§ **EXERCISE**
All entries must be repeated exactly; do not include the pictures.

§ **INPUT DATA**
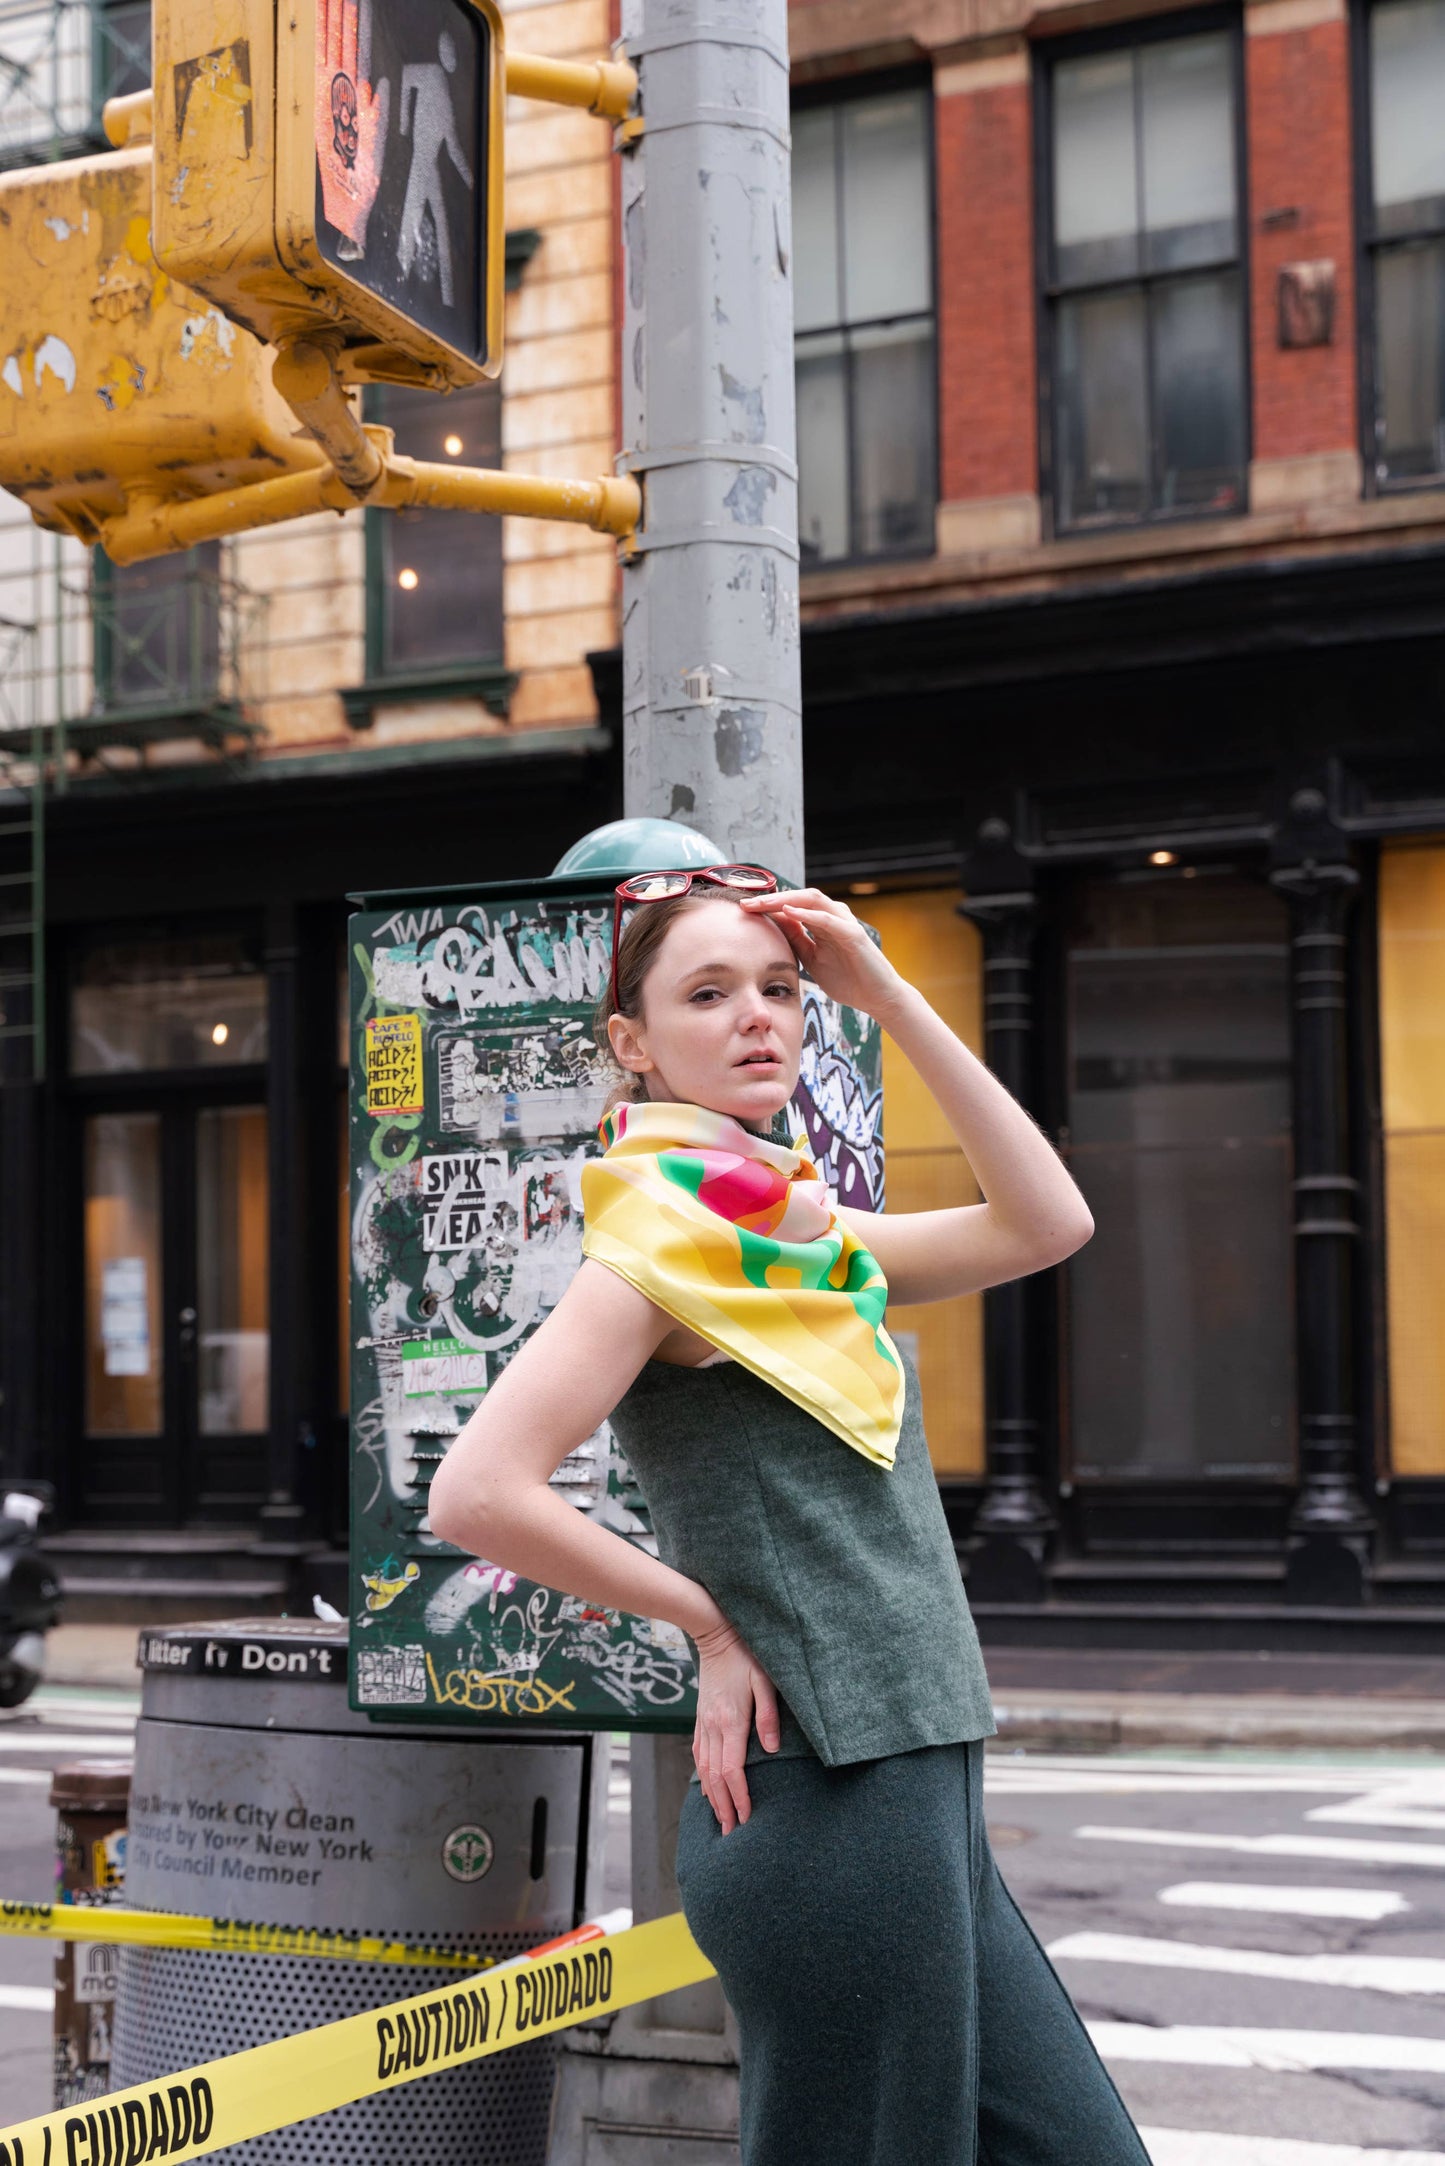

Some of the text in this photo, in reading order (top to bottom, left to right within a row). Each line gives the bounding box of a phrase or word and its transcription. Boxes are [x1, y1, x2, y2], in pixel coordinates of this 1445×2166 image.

[423, 1340, 467, 1352] HELLO
[148, 1640, 192, 1665] litter
[241, 1644, 332, 1673] Don't
[186, 1799, 227, 1822] York
[234, 1804, 278, 1832] City
[284, 1808, 355, 1832] Clean
[177, 1825, 197, 1850] by
[255, 1833, 309, 1858] New
[318, 1839, 374, 1862] York
[154, 1850, 215, 1877] Council
[376, 1987, 490, 2080] CAUTION
[515, 1947, 613, 2032] CUIDADO
[65, 2077, 214, 2166] CUIDADO
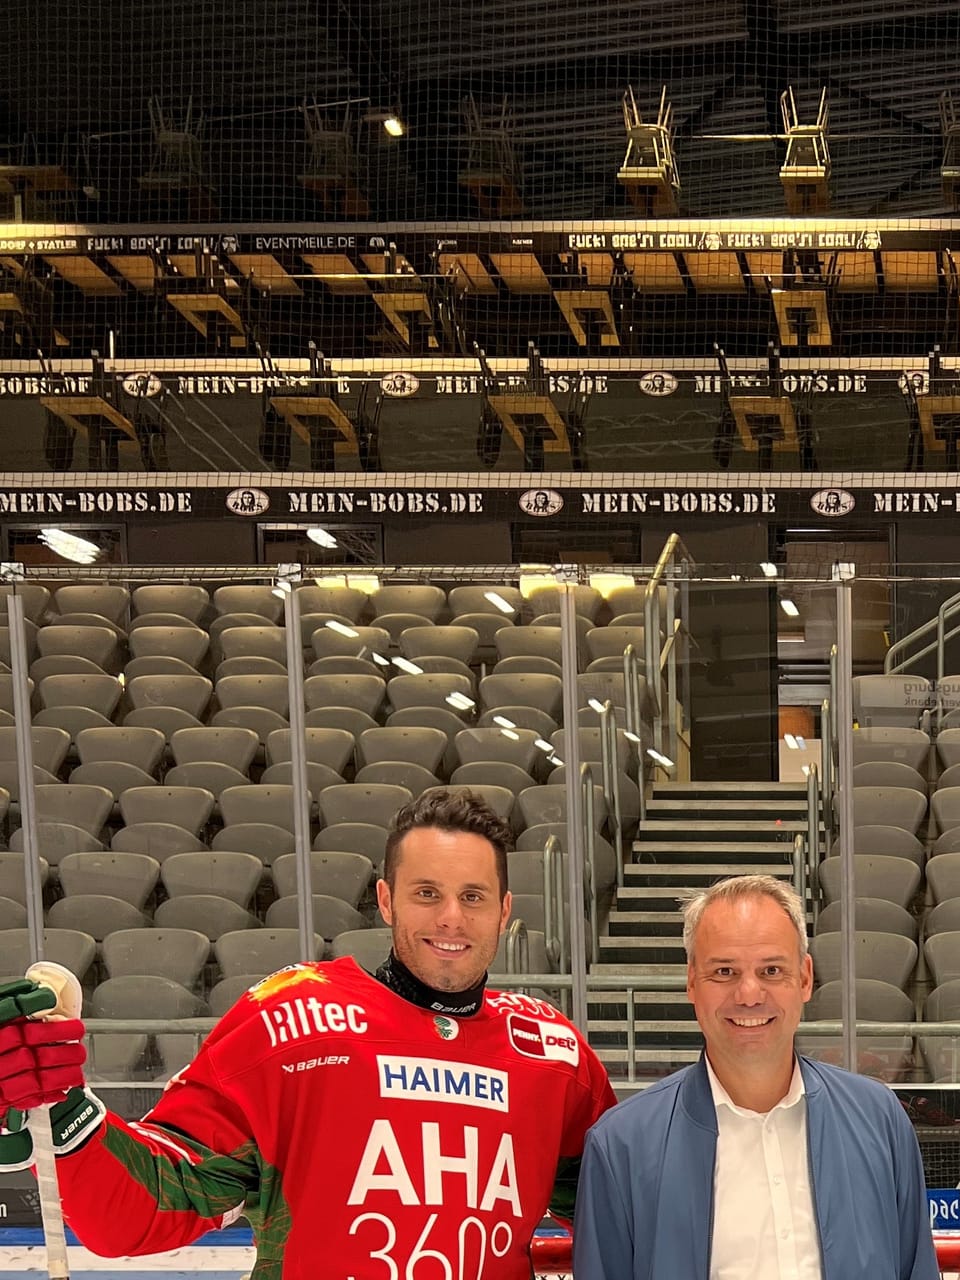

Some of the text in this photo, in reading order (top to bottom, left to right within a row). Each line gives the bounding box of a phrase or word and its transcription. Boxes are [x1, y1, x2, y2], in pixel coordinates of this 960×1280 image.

[256, 236, 356, 249] EVENTMEILE.DE
[0, 492, 192, 513] MEIN-BOBS.DE
[288, 492, 483, 513] MEIN-BOBS.DE
[581, 492, 776, 513] MEIN-BOBS.DE
[296, 1055, 351, 1071] BAUER
[384, 1063, 504, 1103] HAIMER
[61, 1105, 94, 1140] BAUER
[346, 1118, 524, 1218] AHA
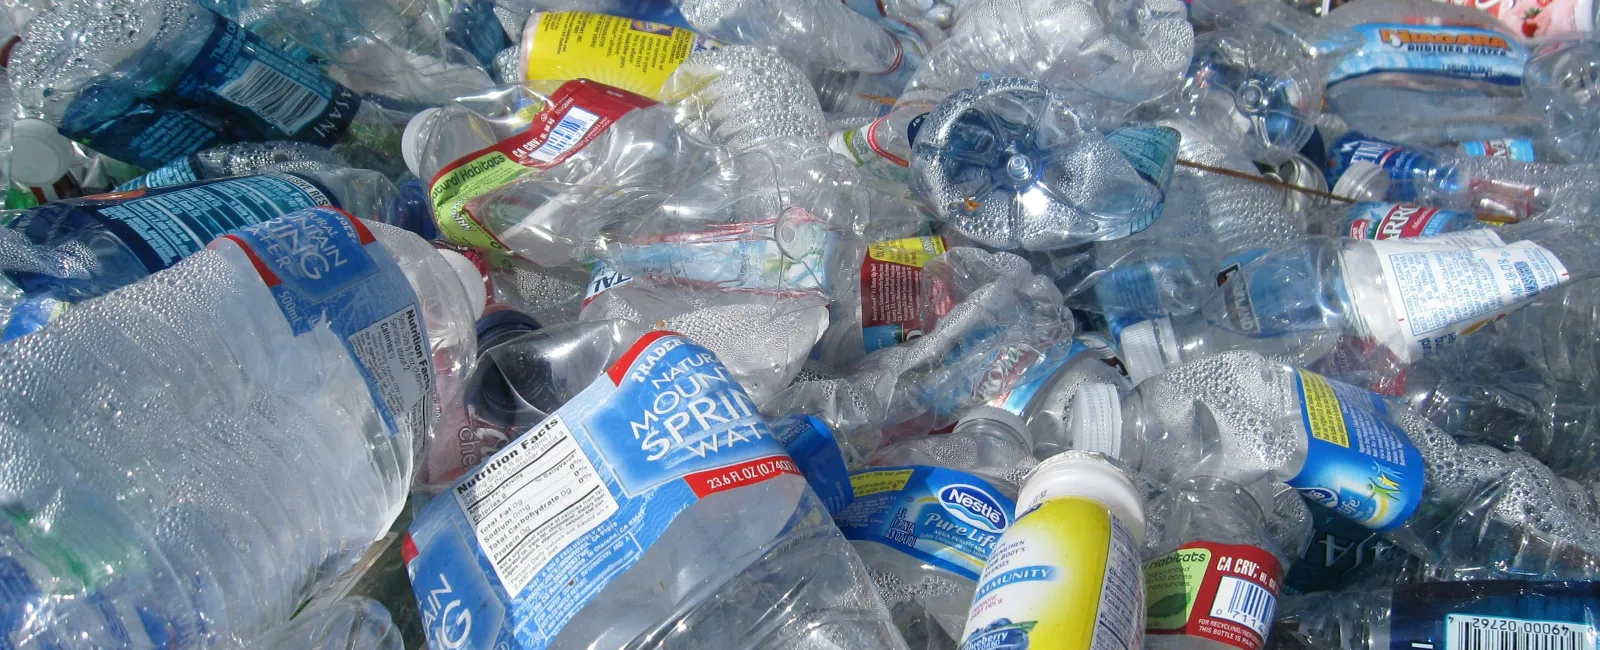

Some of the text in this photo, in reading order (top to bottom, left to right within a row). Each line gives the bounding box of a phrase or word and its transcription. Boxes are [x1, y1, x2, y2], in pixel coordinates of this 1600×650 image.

[1378, 28, 1512, 51] NIAGARA
[1467, 45, 1507, 57] WATER
[512, 136, 543, 159] CA CRV;
[461, 152, 506, 182] Habitats
[277, 290, 304, 325] 500mL
[380, 321, 393, 354] Calories
[389, 317, 402, 348] Servings
[396, 347, 409, 367] about
[406, 308, 432, 392] Nutrition Facts
[631, 337, 684, 384] TRADER
[685, 422, 763, 459] WAT
[456, 417, 559, 496] Nutrition Facts
[460, 433, 553, 502] Serving Size 8 fl oz (240mL)
[464, 431, 565, 508] Servings Per Container about 3
[569, 457, 583, 470] 0%
[573, 465, 588, 478] 0%
[577, 472, 592, 485] 0%
[706, 472, 732, 490] 23.6
[731, 469, 744, 482] FL
[743, 466, 759, 480] OZ
[468, 472, 525, 516] Amount Per Serving
[472, 493, 508, 523] Calories 0
[480, 498, 524, 536] Total Fat 0g
[483, 503, 532, 544] Sodium 0mg
[488, 486, 573, 552] Total Carbohydrate 0g
[536, 521, 554, 538] source
[554, 516, 561, 524] of
[561, 503, 583, 519] calories
[582, 494, 596, 507] from
[619, 523, 629, 533] CA
[923, 512, 969, 537] Pure
[493, 525, 531, 561] Protein 0g
[530, 507, 607, 566] Daily Values are based on
[590, 532, 602, 543] CA
[933, 529, 951, 540] AGUA
[951, 535, 988, 555] PURIFICADA
[512, 545, 560, 591] 2,000 calorie diet
[1000, 546, 1026, 562] BODY'S
[1149, 580, 1192, 590] resources.
[1167, 573, 1193, 581] acres
[1216, 556, 1233, 572] CA
[1233, 558, 1260, 579] CRV;
[1258, 571, 1268, 586] HI,
[1104, 594, 1120, 612] Total
[1215, 608, 1223, 616] 0
[1100, 612, 1124, 637] Protein
[1198, 618, 1210, 627] FOR
[1199, 625, 1212, 634] THIS
[1212, 628, 1235, 640] BOTTLE
[1448, 616, 1570, 637] 49000 02762 4
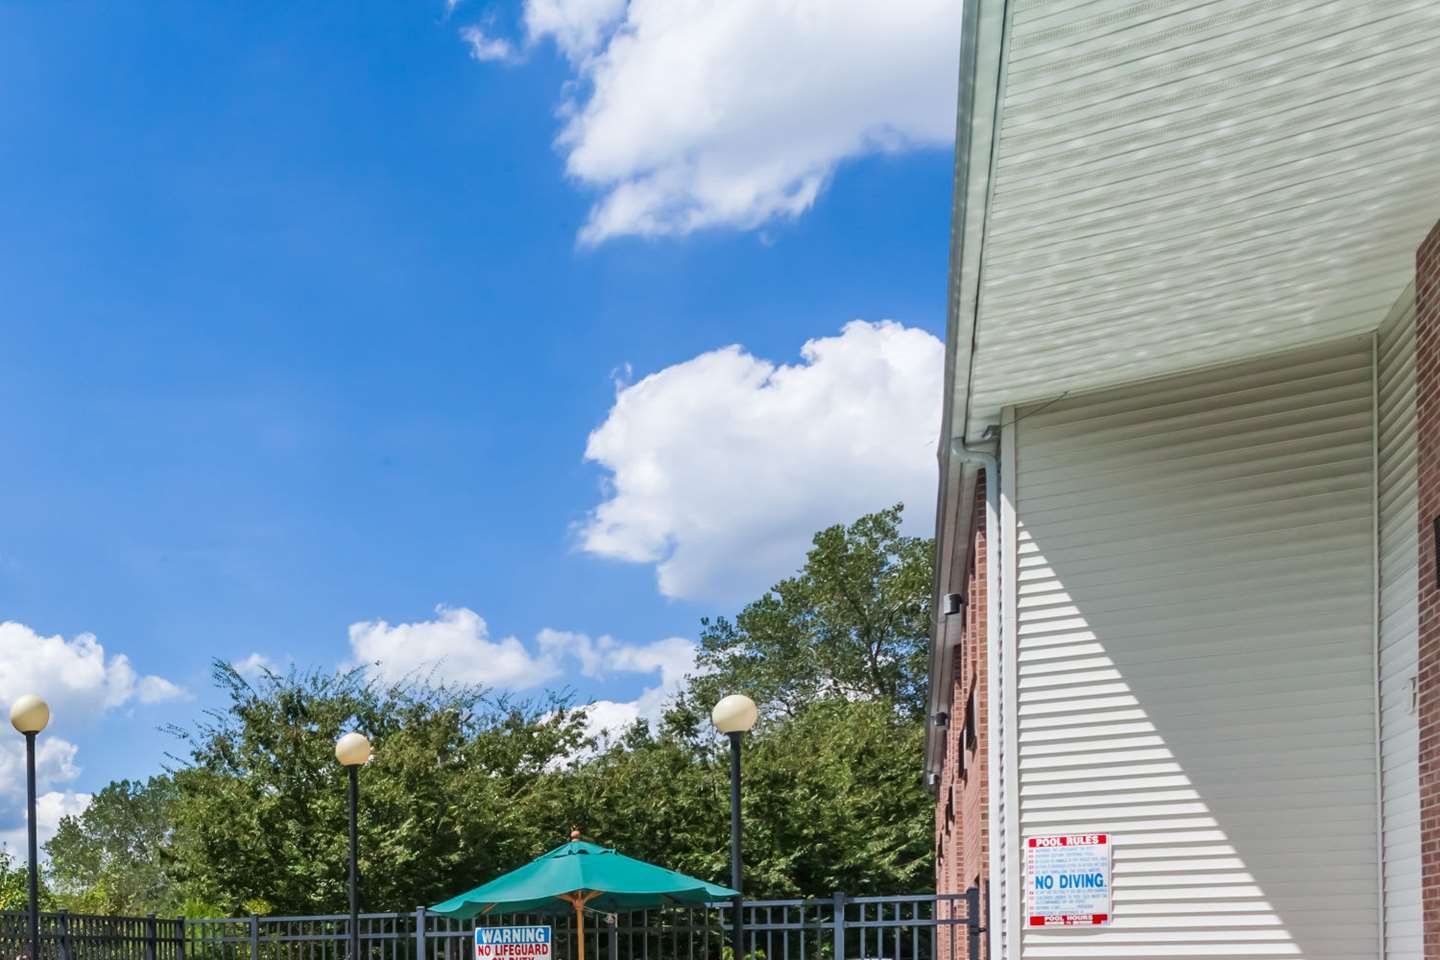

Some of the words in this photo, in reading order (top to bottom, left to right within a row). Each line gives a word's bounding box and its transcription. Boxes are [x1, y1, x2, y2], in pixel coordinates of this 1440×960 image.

§ **FINISHED TASK**
Some of the text in this photo, in reading order (top to bottom, left to right within a row). Each line gives the bounding box of a phrase or word and its transcription. Boxes are [x1, y1, x2, y2], in pixel coordinates of this 1445×2166 image.

[423, 1340, 467, 1352] HELLO
[148, 1640, 192, 1665] litter
[241, 1644, 332, 1673] Don't
[186, 1799, 227, 1822] York
[234, 1804, 278, 1832] City
[284, 1808, 355, 1832] Clean
[177, 1825, 197, 1850] by
[255, 1833, 309, 1858] New
[318, 1839, 374, 1862] York
[154, 1850, 215, 1877] Council
[376, 1987, 490, 2080] CAUTION
[515, 1947, 613, 2032] CUIDADO
[65, 2077, 214, 2166] CUIDADO

Some of the text in this photo, in reading order (top to bottom, left to right within a row). Each line gives the bounding box of a phrase or word and its transcription. Boxes are [x1, y1, x2, y2], in pixel coordinates of this 960×1280 image.

[256, 236, 356, 249] EVENTMEILE.DE
[0, 492, 192, 513] MEIN-BOBS.DE
[288, 492, 483, 513] MEIN-BOBS.DE
[581, 492, 776, 513] MEIN-BOBS.DE
[296, 1055, 351, 1071] BAUER
[384, 1063, 504, 1103] HAIMER
[61, 1105, 94, 1140] BAUER
[346, 1118, 524, 1218] AHA

Some of the text in this photo, in reading order (top to bottom, left to right within a row). Each line gives the bounding box of a phrase or word and its transcription. Boxes are [x1, y1, x2, y2], in pixel coordinates of this 1600×650 image.

[1378, 28, 1512, 51] NIAGARA
[1467, 45, 1507, 57] WATER
[512, 136, 543, 159] CA CRV;
[461, 152, 506, 182] Habitats
[277, 290, 304, 325] 500mL
[380, 321, 393, 354] Calories
[389, 317, 402, 348] Servings
[396, 347, 409, 367] about
[406, 308, 432, 392] Nutrition Facts
[631, 337, 684, 384] TRADER
[685, 422, 763, 459] WAT
[456, 417, 559, 496] Nutrition Facts
[460, 433, 553, 502] Serving Size 8 fl oz (240mL)
[464, 431, 565, 508] Servings Per Container about 3
[569, 457, 583, 470] 0%
[573, 465, 588, 478] 0%
[577, 472, 592, 485] 0%
[706, 472, 732, 490] 23.6
[731, 469, 744, 482] FL
[743, 466, 759, 480] OZ
[468, 472, 525, 516] Amount Per Serving
[472, 493, 508, 523] Calories 0
[480, 498, 524, 536] Total Fat 0g
[483, 503, 532, 544] Sodium 0mg
[488, 486, 573, 552] Total Carbohydrate 0g
[536, 521, 554, 538] source
[554, 516, 561, 524] of
[561, 503, 583, 519] calories
[582, 494, 596, 507] from
[619, 523, 629, 533] CA
[923, 512, 969, 537] Pure
[493, 525, 531, 561] Protein 0g
[530, 507, 607, 566] Daily Values are based on
[590, 532, 602, 543] CA
[933, 529, 951, 540] AGUA
[951, 535, 988, 555] PURIFICADA
[512, 545, 560, 591] 2,000 calorie diet
[1000, 546, 1026, 562] BODY'S
[1149, 580, 1192, 590] resources.
[1167, 573, 1193, 581] acres
[1216, 556, 1233, 572] CA
[1233, 558, 1260, 579] CRV;
[1258, 571, 1268, 586] HI,
[1104, 594, 1120, 612] Total
[1215, 608, 1223, 616] 0
[1100, 612, 1124, 637] Protein
[1198, 618, 1210, 627] FOR
[1199, 625, 1212, 634] THIS
[1212, 628, 1235, 640] BOTTLE
[1448, 616, 1570, 637] 49000 02762 4

Some of the words in this photo, in reading order (top to bottom, left to right within a row). Each line gives a word's bounding box and its transcription. Boxes are [x1, y1, x2, y2], in pixel coordinates of this 1440×960 image.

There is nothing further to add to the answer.